If a picture appears in the records, skip it; copy everything else exactly.

——

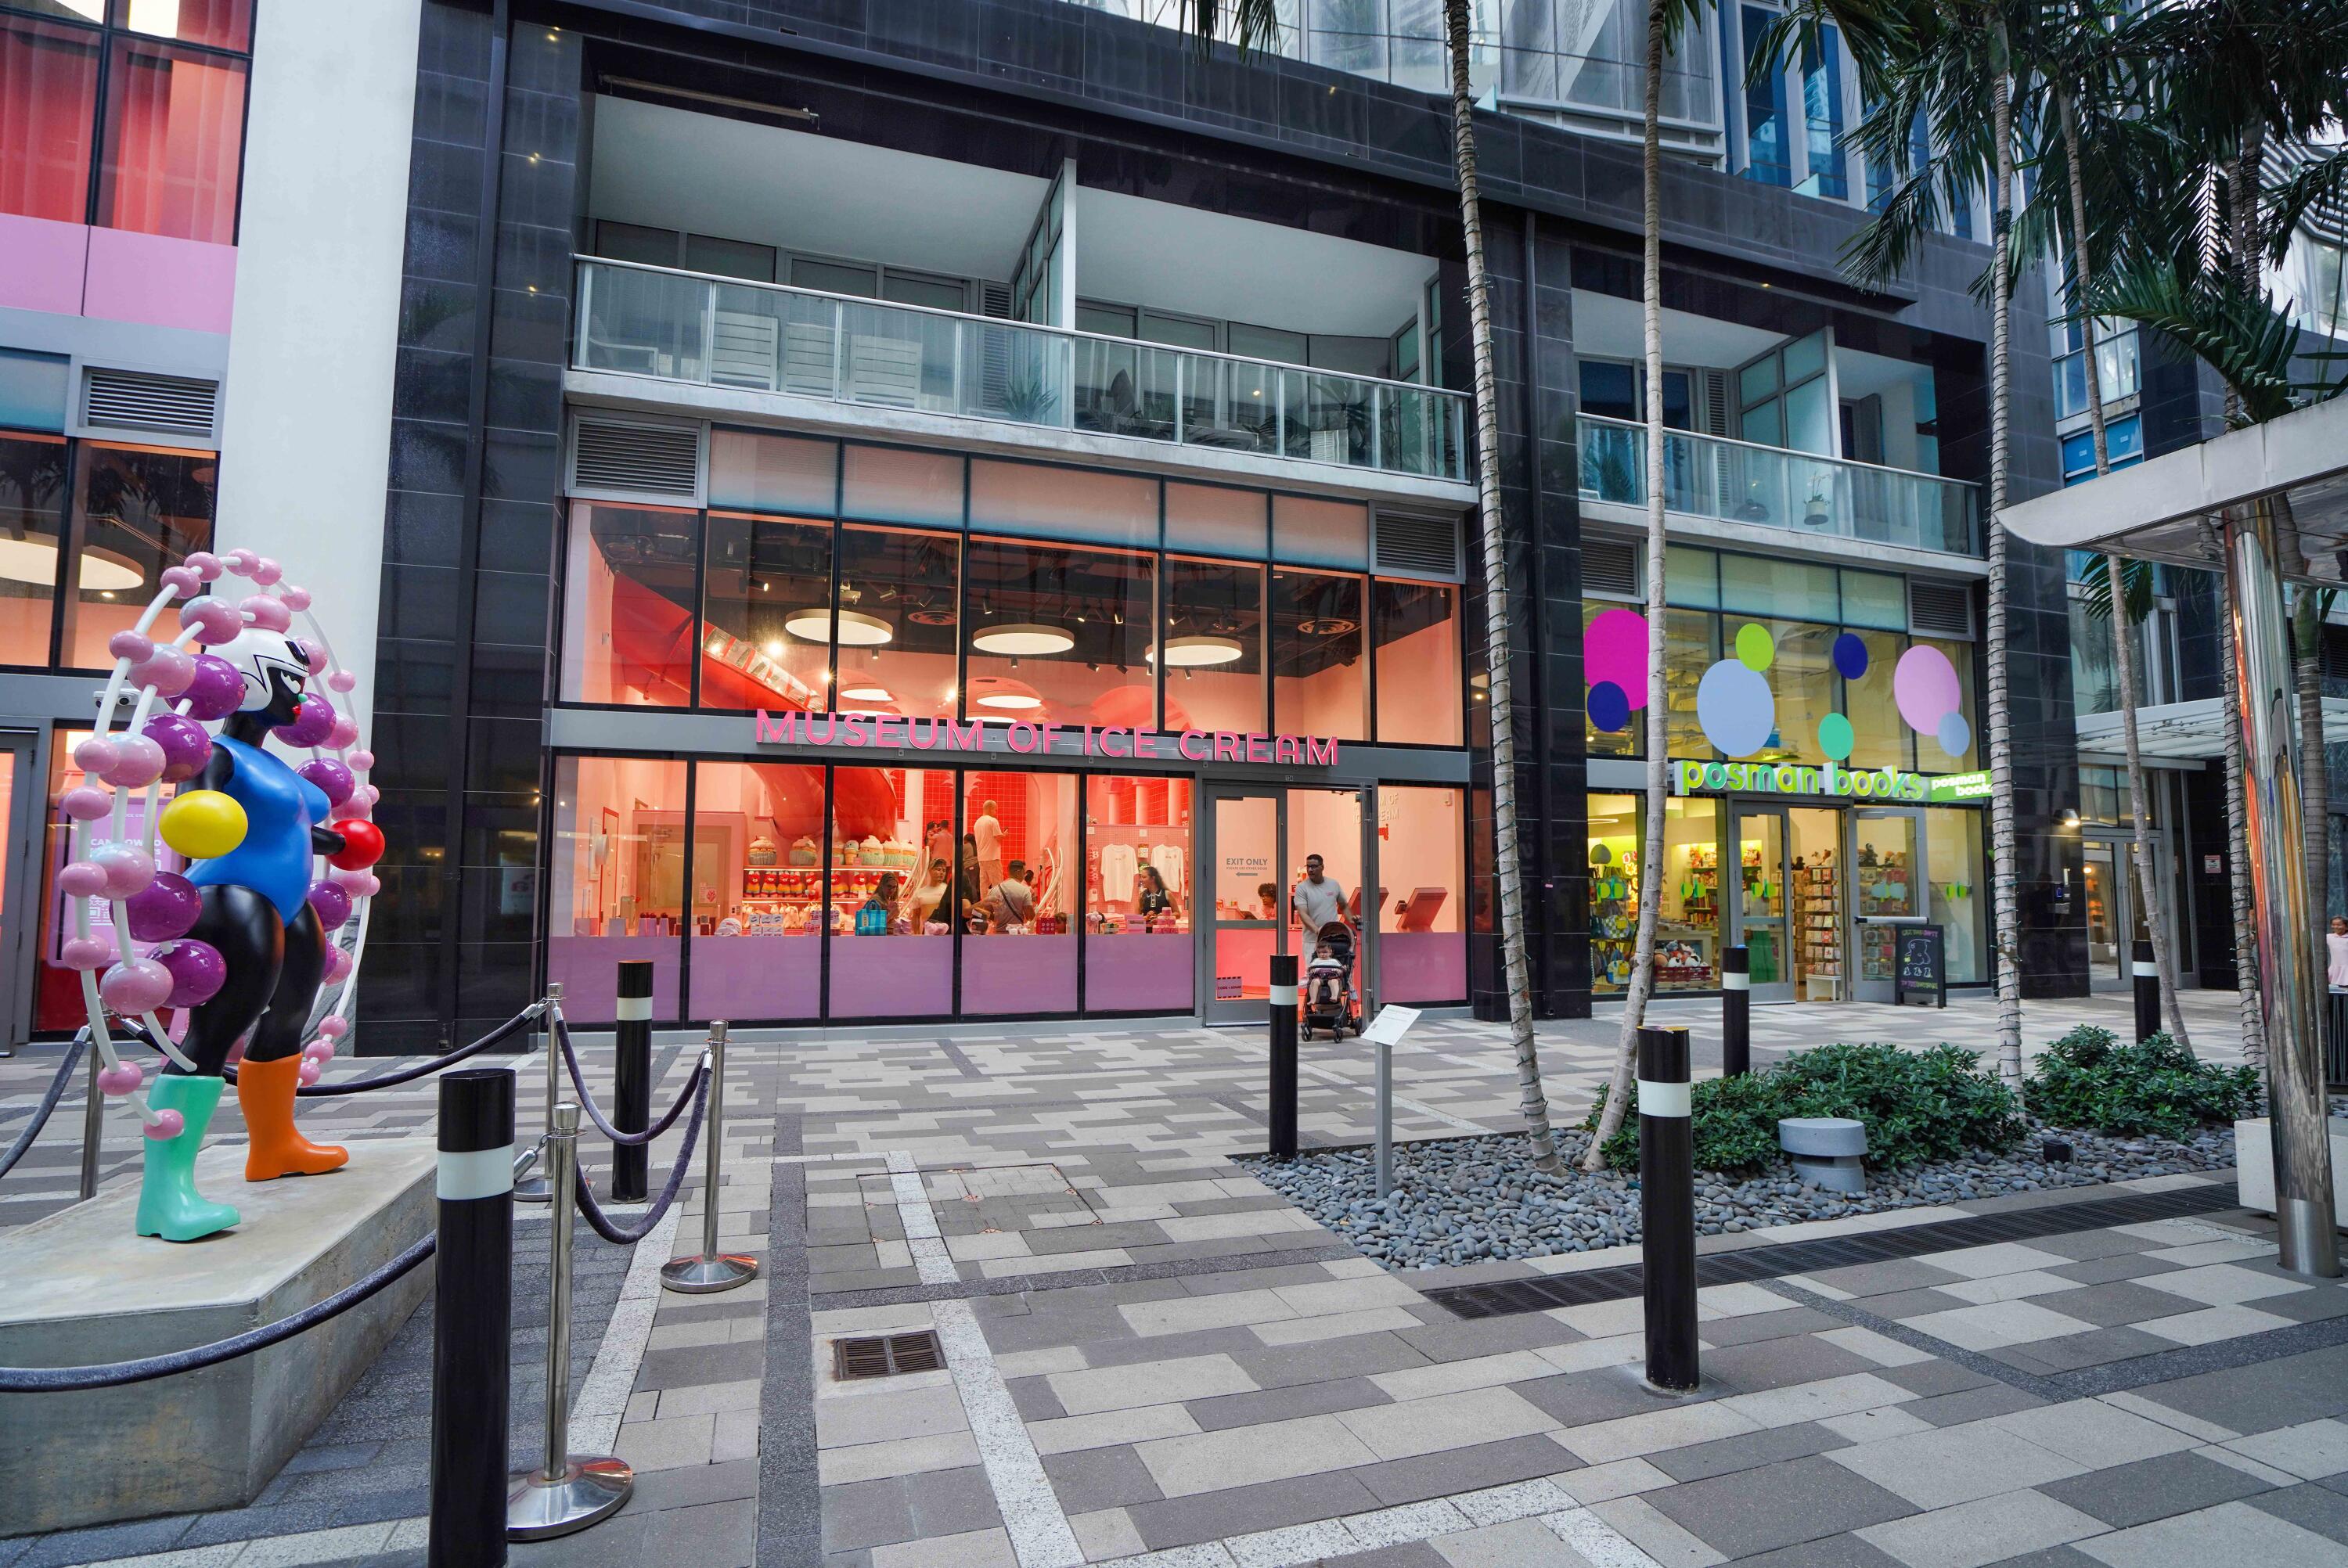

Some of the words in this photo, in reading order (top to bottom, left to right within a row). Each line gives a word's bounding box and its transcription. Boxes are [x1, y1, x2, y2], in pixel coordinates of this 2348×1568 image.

[756, 708, 984, 752] MUSEUM
[1007, 721, 1062, 754] OF
[1084, 724, 1158, 758] ICE
[1179, 728, 1339, 766] CREAM
[1679, 761, 1820, 795] posman
[1830, 761, 1924, 800] books
[1932, 773, 1986, 790] posman
[1955, 782, 1993, 797] book
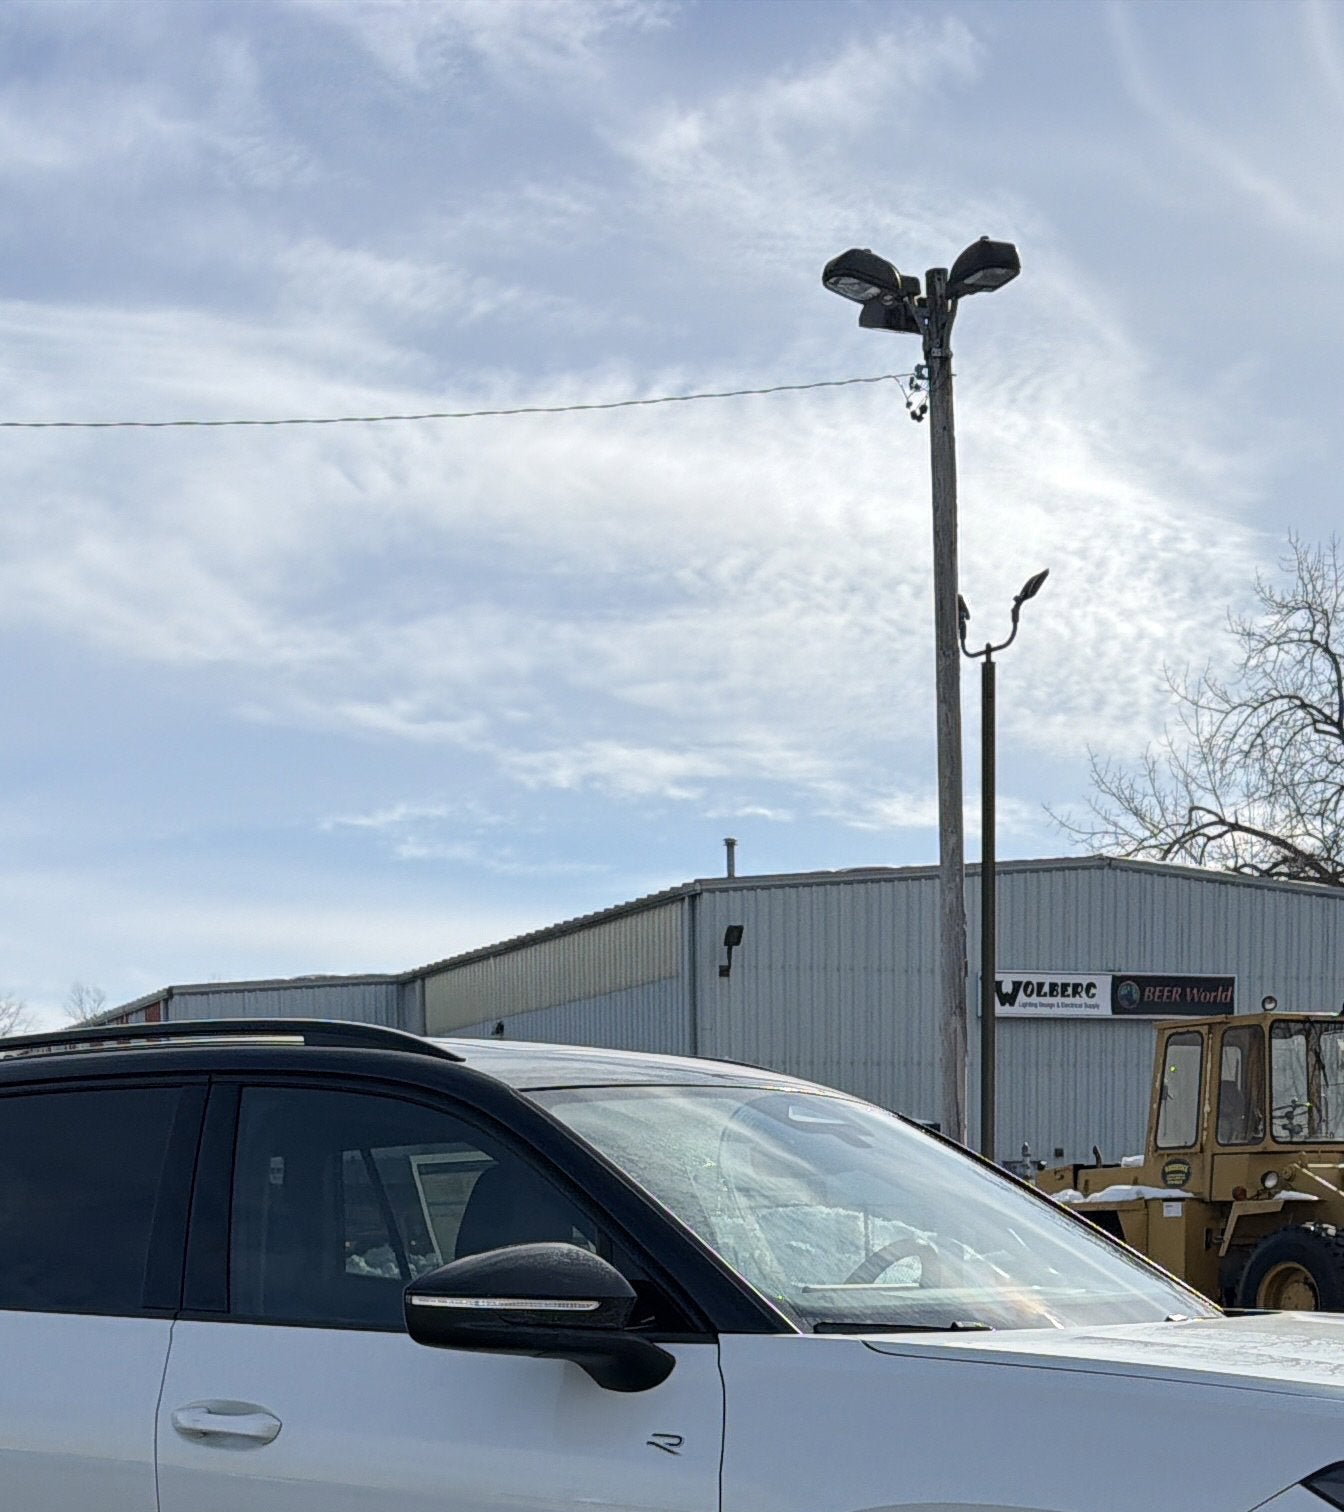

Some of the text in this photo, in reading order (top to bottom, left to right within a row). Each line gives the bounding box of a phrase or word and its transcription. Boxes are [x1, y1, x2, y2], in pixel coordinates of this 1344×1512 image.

——

| RESPONSE TO THE EXERCISE |
Some of the words in this photo, in reading order (top to bottom, left to right within a row). Each line gives a word's bounding box and its transcription. Boxes are [x1, y1, x2, y2], in pixel coordinates of this 2348×1568 image.

[756, 708, 984, 752] MUSEUM
[1007, 721, 1062, 754] OF
[1084, 724, 1158, 758] ICE
[1179, 728, 1339, 766] CREAM
[1679, 761, 1820, 795] posman
[1830, 761, 1924, 800] books
[1932, 773, 1986, 790] posman
[1955, 782, 1993, 797] book

Some of the text in this photo, in reading order (top to bottom, left to right within a row). Each line gives the bounding box of a phrase or word and its transcription. Boxes are [x1, y1, x2, y2], in pixel coordinates of this 1344×1512 image.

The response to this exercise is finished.